Mike Hellgren has the newest developments and how much they could cost you.
It appears the issue is not going to fizzle. The mayor wants to use the money exclusively for education.
The battle is heating up at Baltimore City Hall over whether to cork or more than double the tax grocers must charge on most bottled drinks.
Under a plan the mayor backs, that tax would rise from two cents to five cents by July of next year.
But the beverage industry claims it would destroy jobs.
“It’s been a very unfair position to be put in to wage the schools against the food industry,” grocer Rob Santoni said.
The tax would raise $10 million to fix schools, repairing crumbling out-of-date buildings city-wide.
“It’s impossible for our young people to compete with the rest of the children in the state and learn at the rate that they should when you have to deal with those kind of conditions every day,” Councilman Brandon Scott (District 2) said.

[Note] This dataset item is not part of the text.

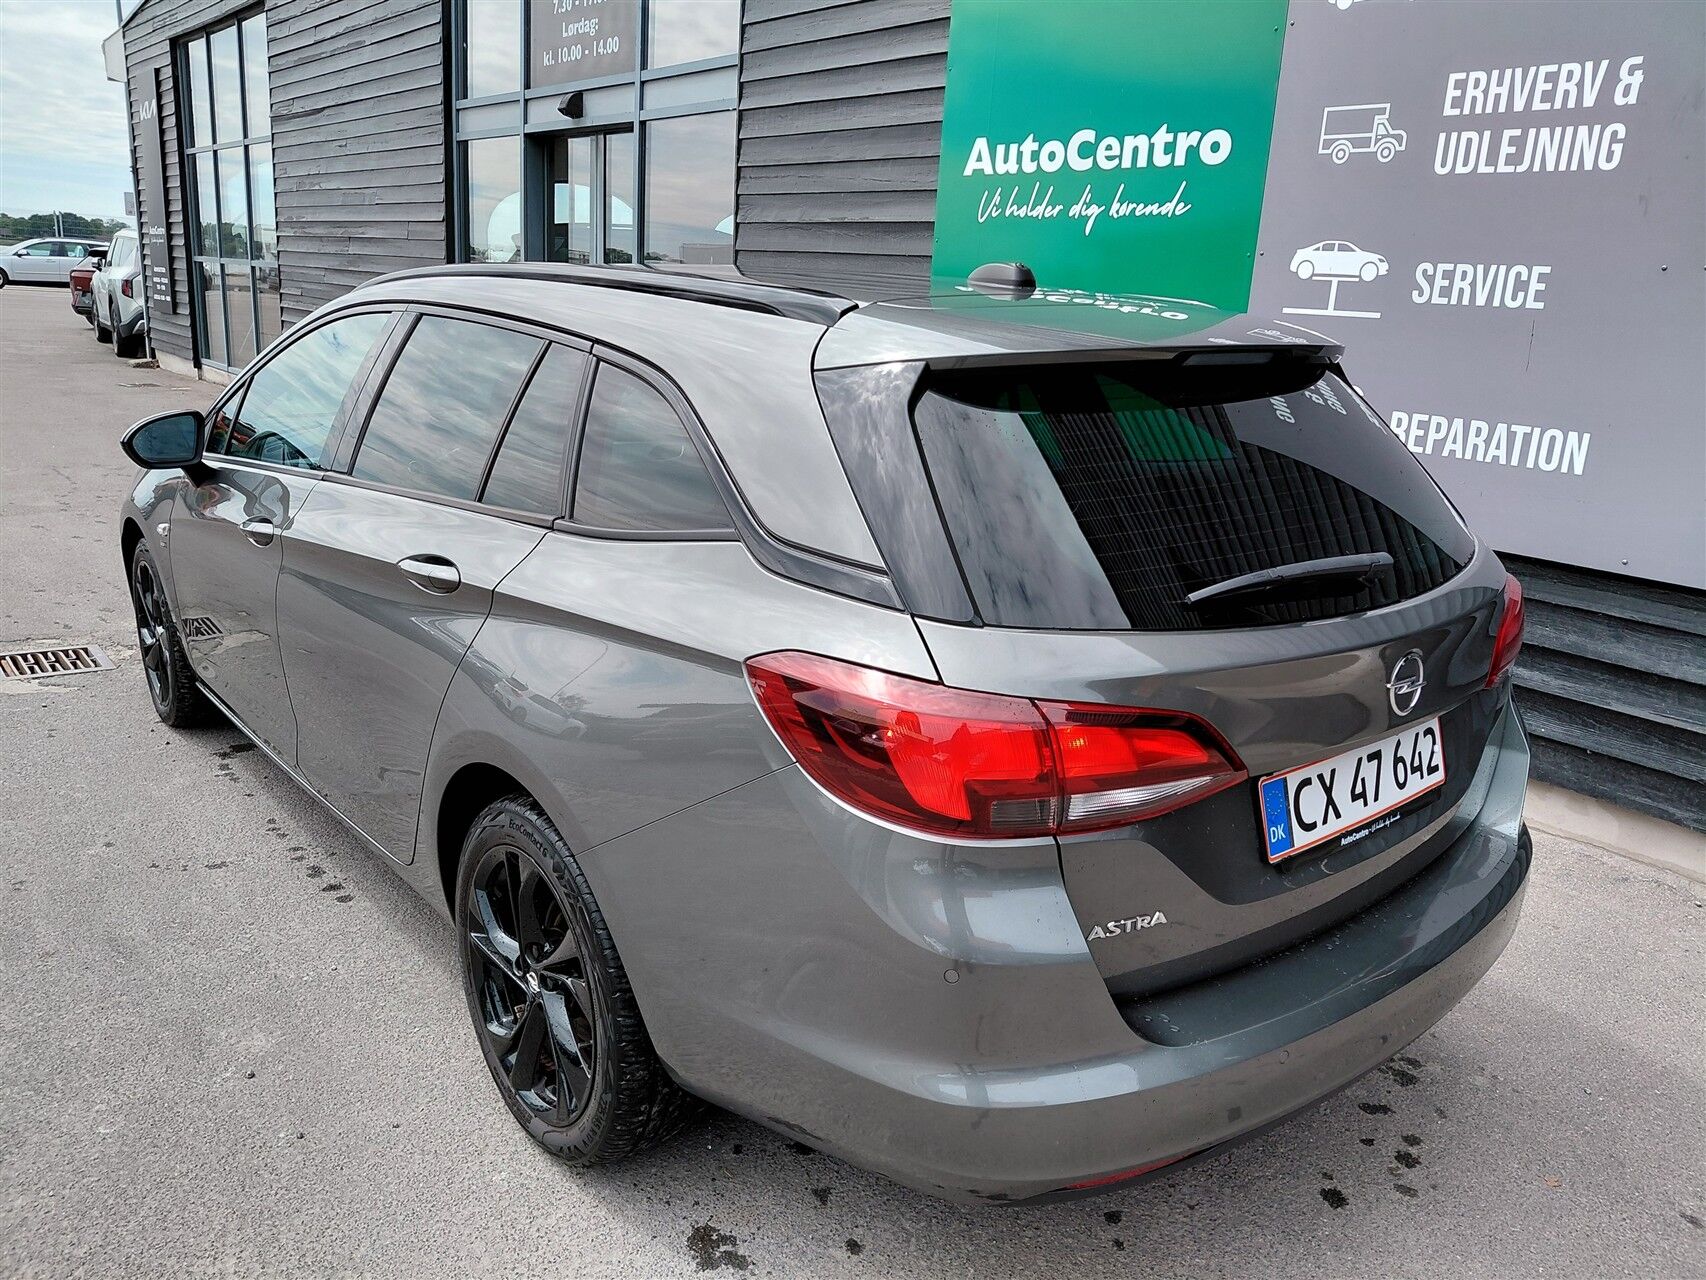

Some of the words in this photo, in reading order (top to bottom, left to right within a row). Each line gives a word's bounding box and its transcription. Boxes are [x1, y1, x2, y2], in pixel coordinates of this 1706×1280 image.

The tax excludes bottles with a certain amount of juice, dairy products and those containers more than two liters in size.
The tax finally passed out of the committee where it had been bottled up for months. The full council is expected to vote on raising it next week.
The mayor says she has the votes on the council to pass it even in tough times for many in Baltimore.
“They already tax us enough on all the other stuff we’re buying,” one Baltimore resident said.
“I do think we are taxed to death, but if it’s actually going to what it’s supposed to be going to, then I think it would be a good idea,” said another.
But it’s not a done deal yet with the opposition proposing alternatives ahead of the vote next Monday.
“I can give her the same amount of money, but in a different format. I hope that that’s good enough,” Santoni said.
There was a proposal to extend the current two-cent tax beyond its expiration date next year, but it failed in committee on Monday.
Santoni would not provide details on his alternative proposals but said he is in talks with several council members.